▸ **WHAT IS BEING ASKED**
Emit the data below verbatim, stripping out any pictures.
● ● ●
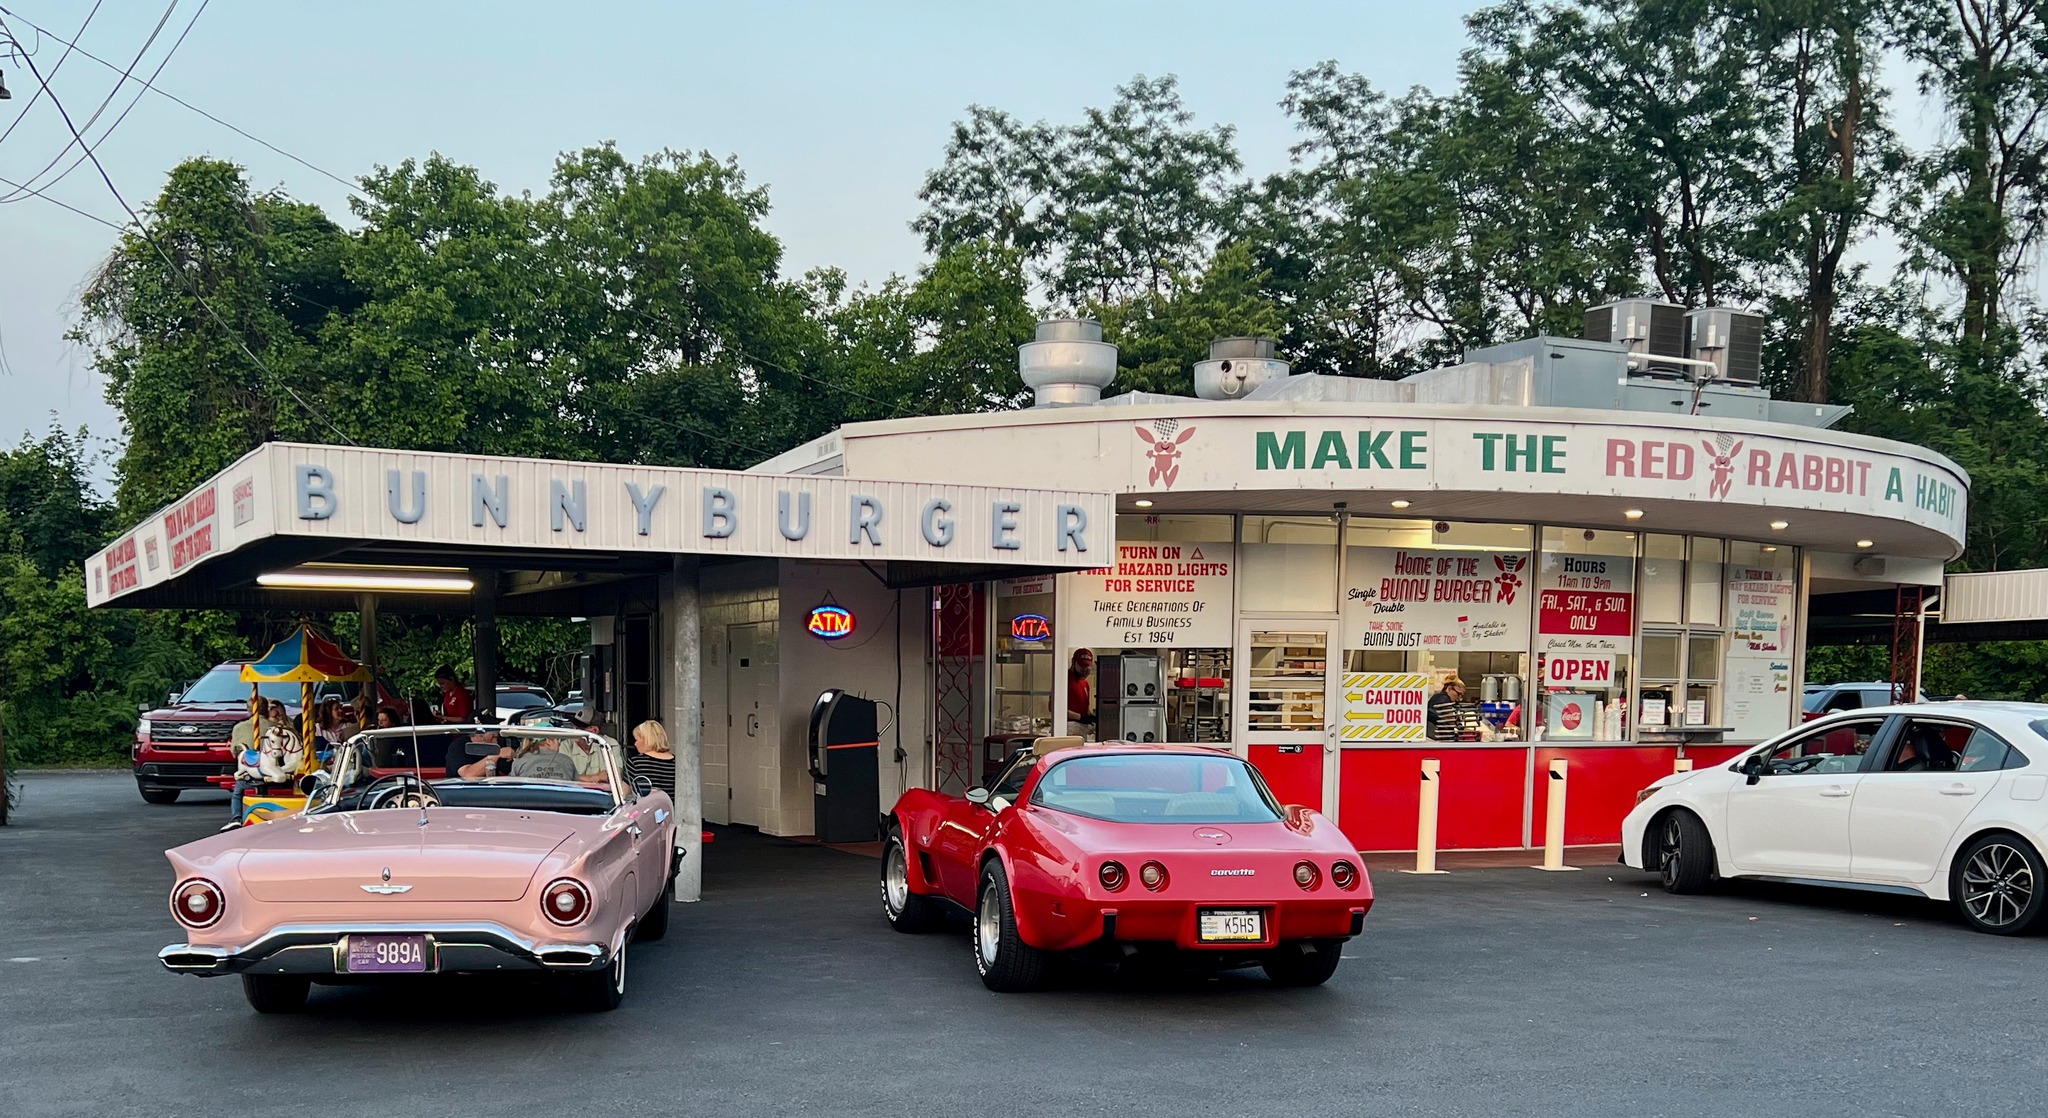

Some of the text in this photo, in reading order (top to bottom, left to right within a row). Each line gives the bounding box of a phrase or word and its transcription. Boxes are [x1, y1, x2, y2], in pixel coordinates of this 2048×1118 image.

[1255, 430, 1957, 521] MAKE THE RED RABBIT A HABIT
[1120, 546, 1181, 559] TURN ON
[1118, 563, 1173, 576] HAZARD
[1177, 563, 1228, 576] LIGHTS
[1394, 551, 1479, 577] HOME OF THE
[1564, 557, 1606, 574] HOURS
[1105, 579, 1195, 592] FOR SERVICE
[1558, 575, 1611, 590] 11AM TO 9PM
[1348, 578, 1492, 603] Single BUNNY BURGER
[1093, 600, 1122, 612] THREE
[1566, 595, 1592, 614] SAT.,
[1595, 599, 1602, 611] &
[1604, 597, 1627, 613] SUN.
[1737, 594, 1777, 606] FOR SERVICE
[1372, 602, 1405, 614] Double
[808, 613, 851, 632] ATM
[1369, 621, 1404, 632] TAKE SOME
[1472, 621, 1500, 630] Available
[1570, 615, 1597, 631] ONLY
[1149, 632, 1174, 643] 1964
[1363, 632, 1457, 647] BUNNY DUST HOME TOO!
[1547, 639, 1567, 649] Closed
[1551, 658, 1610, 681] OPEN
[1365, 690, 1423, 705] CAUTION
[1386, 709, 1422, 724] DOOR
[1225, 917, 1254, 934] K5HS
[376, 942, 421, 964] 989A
● ● ●
▸ **OUTPUT FOR THIS TASK**
Some of the text in this photo, in reading order (top to bottom, left to right within a row). Each line gives the bounding box of a phrase or word and its transcription. Boxes are [x1, y1, x2, y2], in pixel coordinates of this 2048×1118 image.

[1255, 430, 1957, 521] MAKE THE RED RABBIT A HABIT
[1120, 546, 1181, 559] TURN ON
[1118, 563, 1173, 576] HAZARD
[1177, 563, 1228, 576] LIGHTS
[1394, 551, 1479, 577] HOME OF THE
[1564, 557, 1606, 574] HOURS
[1105, 579, 1195, 592] FOR SERVICE
[1558, 575, 1611, 590] 11AM TO 9PM
[1348, 578, 1492, 603] Single BUNNY BURGER
[1093, 600, 1122, 612] THREE
[1566, 595, 1592, 614] SAT.,
[1595, 599, 1602, 611] &
[1604, 597, 1627, 613] SUN.
[1737, 594, 1777, 606] FOR SERVICE
[1372, 602, 1405, 614] Double
[808, 613, 851, 632] ATM
[1369, 621, 1404, 632] TAKE SOME
[1472, 621, 1500, 630] Available
[1570, 615, 1597, 631] ONLY
[1149, 632, 1174, 643] 1964
[1363, 632, 1457, 647] BUNNY DUST HOME TOO!
[1547, 639, 1567, 649] Closed
[1551, 658, 1610, 681] OPEN
[1365, 690, 1423, 705] CAUTION
[1386, 709, 1422, 724] DOOR
[1225, 917, 1254, 934] K5HS
[376, 942, 421, 964] 989A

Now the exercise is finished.